Instructions for the task:
Make an exact copy of all the entries, with the pictures left out.

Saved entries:
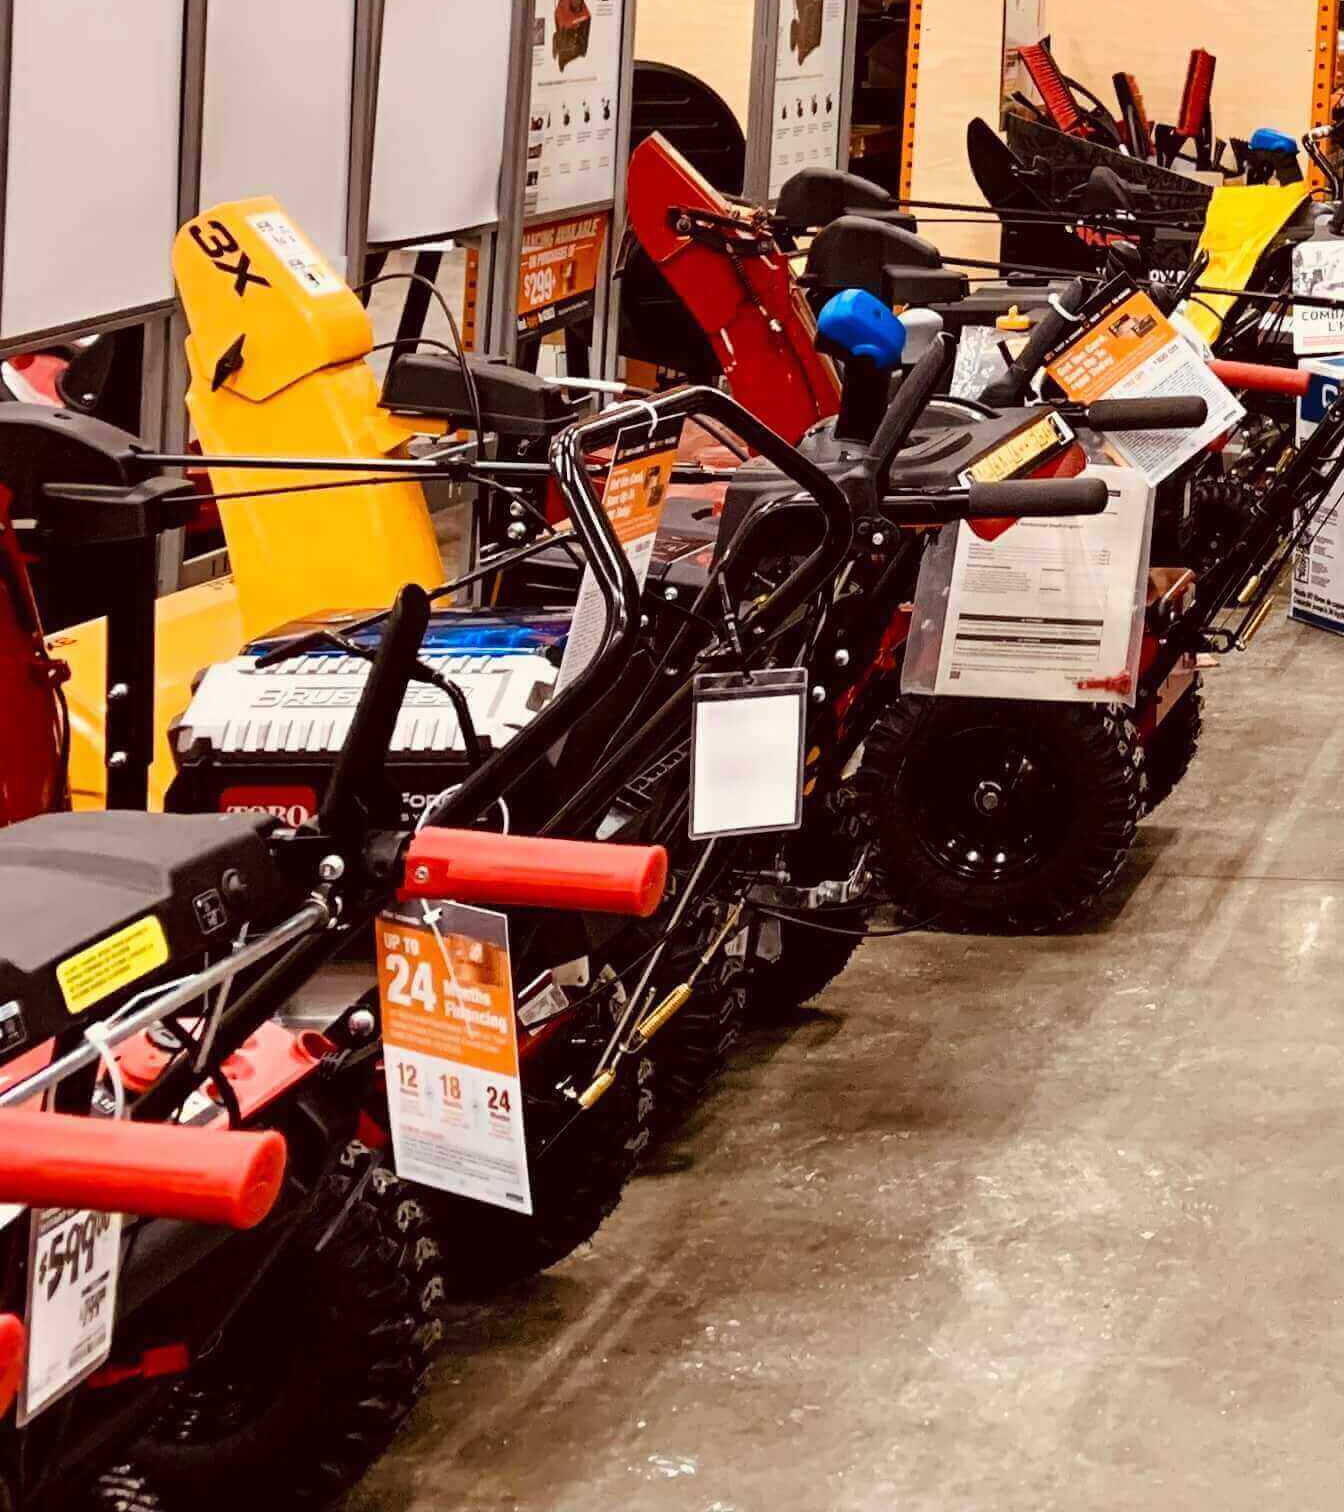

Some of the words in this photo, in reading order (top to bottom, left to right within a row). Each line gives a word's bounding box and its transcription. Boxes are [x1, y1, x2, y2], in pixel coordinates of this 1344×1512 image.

[189, 220, 272, 296] 3X
[383, 932, 402, 950] UP
[403, 934, 420, 956] TO
[385, 953, 437, 1013] 24
[444, 999, 508, 1035] Financing
[397, 1061, 419, 1089] 12
[439, 1073, 461, 1100] 18
[487, 1085, 512, 1113] 24

Response:
Some of the words in this photo, in reading order (top to bottom, left to right within a row). Each line gives a word's bounding box and its transcription. Boxes are [x1, y1, x2, y2], in pixel coordinates of this 1344×1512 image.

[189, 220, 272, 296] 3X
[383, 932, 402, 950] UP
[403, 934, 420, 956] TO
[385, 953, 437, 1013] 24
[444, 999, 508, 1035] Financing
[397, 1061, 419, 1089] 12
[439, 1073, 461, 1100] 18
[487, 1085, 512, 1113] 24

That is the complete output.